The lessons from the failure of big brands in the world are a wake-up call for young businesses. Thanks to them, the leaders will know how to create the most appropriate and business-oriented strategy when participating in competitions between brands.
In this article, BEMO will help you learn many things through the 2 failures of Coca-Cola and McDonald’s and understand the moral aspects of branding.
1. Reasons why brands fail
The war between brands never ends and is getting more and more intense as customer behavior has changed. Nowadays they only buy items that “represent” trusted brands instead of focusing on products as before. This means that no matter how good the products are, it is normal to fail to make a big splash.
Failure comes from one of the following reasons:
- The ability of the brand to conceal: Dr. Eliot once commented: “Humanity cannot accept too many realities”. This is clearly shown in the Marketing stage, when the internal operating system performs many strategies to exaggerate the actual product. Compared to the advertisements and how brands communicate their products’ value, real ones on the market make customers disappointed.
- Lack of on-time adaption: The market changes according to the tastes of users, and when businesses and brands cannot create new value to retain customers, it will lead to complete failure.
- Good product thinking will succeed: A brand will have to forfeit if they keep the mindset that good products will be sold well for they have not analyzed the customer needs. This means they need to ask why customers come to their brand, what problems their products solve. This is the core of successful branding.
- Using advertising will not fail: This can be considered a wrong idea and misunderstanding about advertising. Indeed, advertising is a branding tool and it takes a lot of budgets, but there is no guarantee of success. To be specific, it is a way to reach customers to communicate the brand instead of selling products. Therefore, businesses or marketing departments must think carefully about each of their advertising campaigns.
- The autocracy of the business: Leaders tend to be overconfident about their own brands in the marketplace. This is what motivates them to expand into new markets based on previous success without clearly analyzing if the culture, habits, and behaviors are suitable for the product or not. Consequently, they suffer losses and failures.
2. Lessons from large brands
For the world’s giant businesses, the failure of branding strategies is so normal that they leave profound lessons for each business to refer to.
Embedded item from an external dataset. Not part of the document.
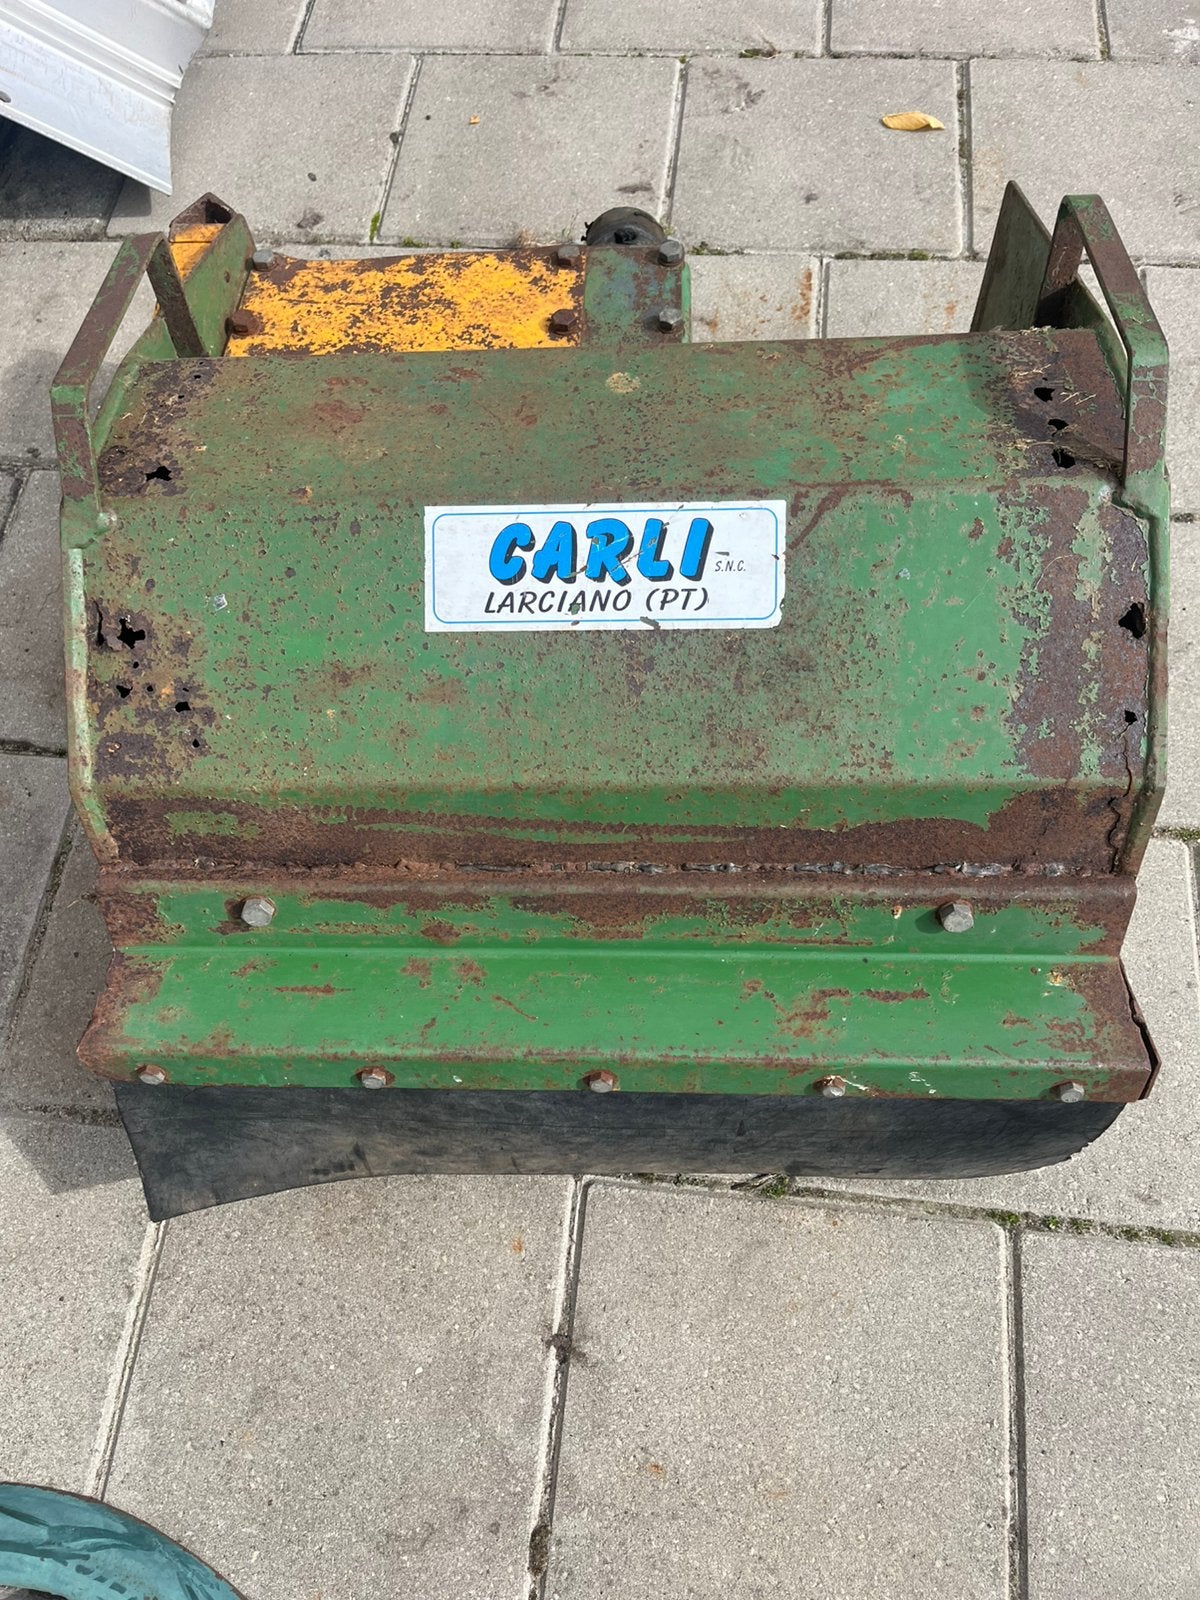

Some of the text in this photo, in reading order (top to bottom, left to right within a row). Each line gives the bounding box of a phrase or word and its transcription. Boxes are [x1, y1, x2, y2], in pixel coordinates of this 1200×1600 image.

[488, 517, 714, 586] CARLI
[714, 559, 747, 572] S.N.C.
[484, 587, 709, 614] LARCIANO (PT)
A typical case is Coca-Cola. Their failure came from a new product launching campaign called “New Coke” in 1985. It infuriated customers who loved the traditional taste and they created a wave boycott to this new type of drink. This is considered a historic failure of Coca-Cola in the beverage industry.
There are lessons that we can sum up from the “New Coke” campaign such as:
- Failure for losing brand memory – For perennial brands, the memory becomes a huge matter. Coca-Cola used the wrong marketing tactics when focusing on new products and advertised it as if it should replace the traditional formula. They misjudged the strength of the first brand.
- Create something new instead of “imitating” competitors: Coca-Cola had deliberately built a “Pepsi’s copycat” for its new product and this imitation caused existing customers to condemn and boycott the “New Coke” product. Therefore, businesses should create differences and draw a new direction to identify the brand suitable with orientation.
- Try and come back: Although the new product campaign failed and Coca-cola was forced to reproduce the traditional drink, Coca-Cola had inadvertently created a stronger bond with their customers because they already knew how customers loved their products in the market.
- Focus on researching the market: This is an integral part of strategic marketing planning, and Coca-Cola is a classic failure when they ignored the research table for customer perception of traditional products. As a result, they paid a heavy price when they were so confident in the taste of new products.
Another case can be mentioned is McDonald’s Burger Arch Deluxe from which they have learnt a memorable marketing lesson. This type of burger was aimed at the adult segment and just like Coca-Cola, McDonald’s also did market research on the popularity of this new burger and got many agreements from their mature customers. However, when announcing new products to the market, they were opposed in the same case of “New Coke”.
There are lessons that we can sum up from new product of McDonald’s such as:
- Stick to the brand identity: McDonald’s is known for their simplicity, convenience and suitability for children. Therefore, offering a product that “says no to children” is going against the inherent characteristics, and this consequently lead a serious impact.
- Do not forget the brand’s key customers: Expanding the product range is a wise business strategy, but moving away from key customers is the wrong direction.
- Doubt the polls: Ironically, McDonald’s researched the market prior to making its “Adult Burger” and it had been supported, but the reality is the opposite. Therefore, doing the appropriate research is effective, but it should not be taken as truth.
These are two lessons about brand failures in the market, and businesses can learn to avoid repeating the same mistakes in their marketing strategy. BEMO hopes to bring you valuable information and help you have more ideas for doing business.